Sono 17 le persone che si sono tolte la vita nelle carceri lombarde nel corso del 2022, stando all’ultimo rilevamento del Dipartimento dell’amministrazione penitenziaria (Dap). L’ultimo caso risale a venerdì scorso e si è verificato nel penitenziario di Monza dove un ragazzo di 24 anni, nonostante fosse sottoposto a sorveglianza per problemi di autolesionismo, si è ucciso. Episodi di questo tipo si sono verificati, oltre che a Monza, nelle tre carceri di Milano, ma anche a Sondrio, Brescia, Pavia, Bergamo e Como.
Oggi in Lombardia ci si trova davanti a un’escalation, rispetto agli scorsi anni: i detenuti che un anno fa si erano tolti la vita in cella al 15 agosto erano sei, per un totale di 13 a fine 2021. Mentre nel 2020 si erano tolte la vita venti persone, e 11 lo avevano fatto entro la metà agosto.
Invertire questa tendenza sembra un’impresa difficilissima. Eppure: «Una telefonata salva la vita». È questo l’appello lanciato dal cappellano del carcere di Busto Arsizio ( Varese) don David Riboldi, sacerdote della diocesi di Milano: «Mi sono rivolto direttamente alla ministra della Giustizia, Marta Cartabia, per chiedere di consentire l’uso dei cellulari nelle celle, una proposta sottoscritta nella sua recente visita nel carcere di Busto anche dal presidente della Cei, il cardinale Matteo Zuppi, e rilanciata dall’ispettore generale dei cappellani, don Raffaele Grimaldi». Tra le cause principali dei suicidi dietro le sbarre ci sono la solitudine, le poche – quando e dove sono presenti – attività rieducative (dal lavoro all’istruzione) e il sovraffollamento. La Lombardia, che ospita 18 istituti di pena dei 190 in Italia, è la peggior regione – secondo l’ultimo rapporto di Antigone – riguardo all’affollamento carcerario: ci sono in media 150 detenuti per 100 posti, con picchi del 190% nell’istituto milanese di San Vittore, ma anche del 174,7% a Busto e del 167,7% a Lodi.

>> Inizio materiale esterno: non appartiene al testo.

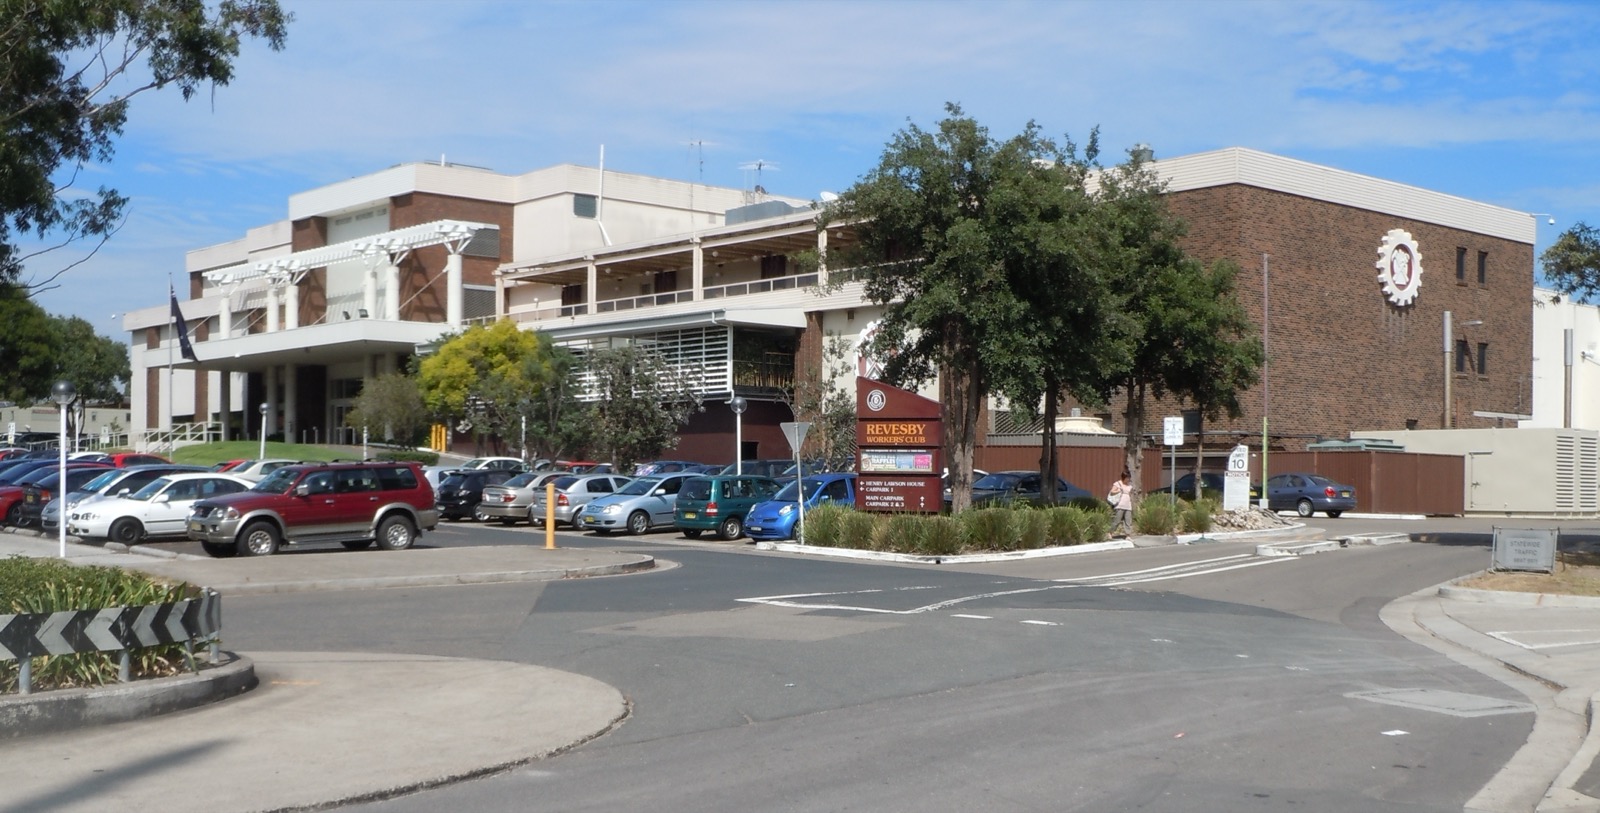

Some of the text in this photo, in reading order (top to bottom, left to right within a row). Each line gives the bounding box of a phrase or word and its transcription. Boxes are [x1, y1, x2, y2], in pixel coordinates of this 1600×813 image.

[866, 424, 926, 435] REVESBY
[1231, 459, 1245, 469] 10
[1509, 540, 1541, 548] STATEWIDE
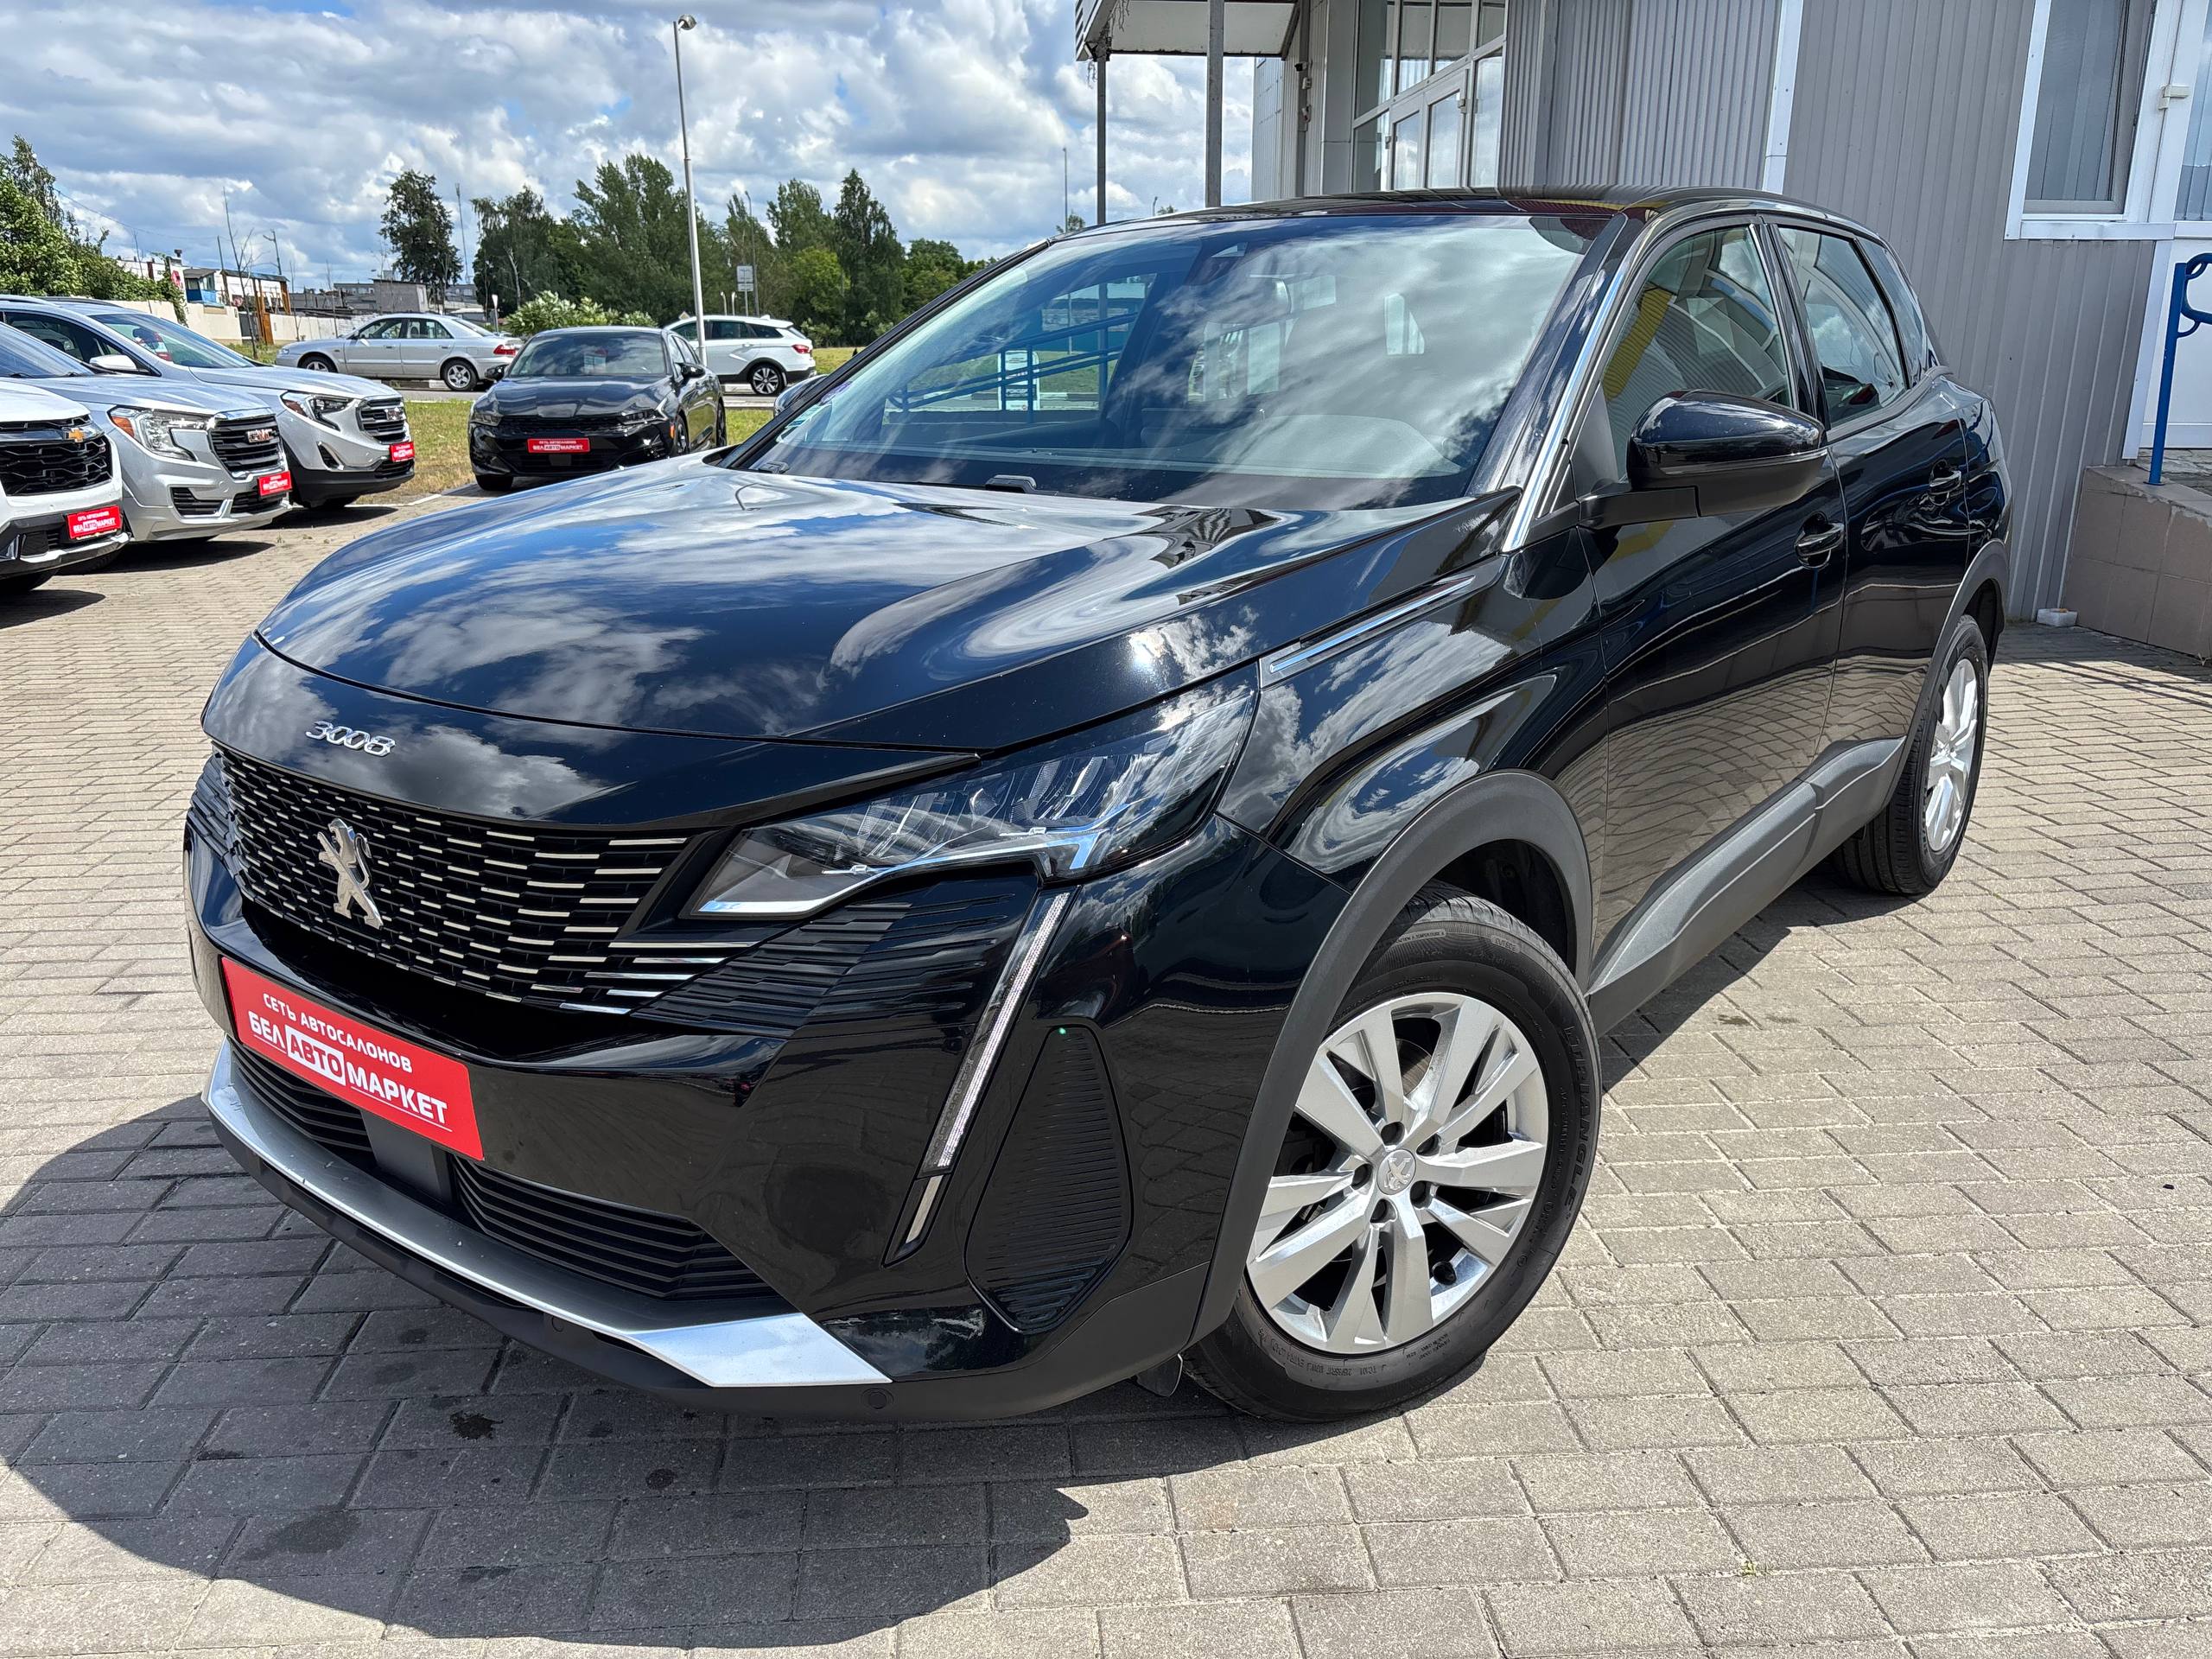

«Mettere i telefoni in cella per prevenire i suicidi non è solo una proposta. È una pratica che dove esiste già, funziona – testimonia don Riboldi –. Recentemente ho ricevuto una chiamata alle 22.30 da un recluso che ho conosciuto al carcere di Busto e che ora sconta la sua pena in un penitenziario del Nord Europa. 'Don, mi sento giù. Ha voglia di ascoltarmi un po’?'. Abbiamo parlato mezz’ora e mi ha detto che subito dopo avrebbe chiamato sua madre». Il nostro ordinamento stabilisce che si possa chiamare solo dieci minuti a settimana. Con la pandemia le video-chiamate erano entrate in carcere per sopperire ai mancati colloqui, «ma questa buona pratica introdotta negli ultimi anni a causa del Covid sta sparendo », dice amareggiato don Riboldi. Il telefono in cella, senza limiti di orari, era stato suggerito lo scorso dicembre per prevenire i suicidi anche dalla commissione parlamentare sul carcere.
Le giornate dei detenuti «sono vuote perché mancano attività ricreative, didattiche e lavorative – insiste il cappellano di Busto –. In carcere lavora solo il 5% dei detenuti. Per aiutare a invertire la rotta ho inaugurato a ottobre 2020, alla presenza della ministra Cartabia, La Valle di Ezechiele, una cooperativa sociale che dà lavoro a persone recluse». Dopo la pausa di agosto saranno quattro detenuti, due persone impegnate nei lavori di pubblica utilità e cinque su richiesta del Tribunale, i lavoratori che raggiungeranno la sede operativa della cooperativa nell’ex vellutificio di Fagnano Olona ( Varese), vicino a Busto.
l cardinale Zuppi in visita alla coop «La Valle di Ezechiele» - .
All’interno della struttura vengono realizzate stampe specializzate, calendari e, in tempo d’Avvento, i cesti di Natale: «Dei 15 detenuti che in questi anni hanno imparato una professione vera, che esiste anche fuori dal penitenziario, e hanno lavorato per La Valle di Ezechiele, nessuno è più tornato dentro. Confermo che lavorare abbatte la recidiva e recentemente un ragazzo, scontata la pena, è stato assunto da un panificio», racconta don Riboldi. Il lavoro, insomma, ripaga e abbatte la recidiva. «Siamo molto soddisfatti di aver fatto produrre ai detenuti le stampe delle magliette indossate dai ragazzi degli oratori nella diocesi di Milano. È un messaggio concreto che vale più di tante parole».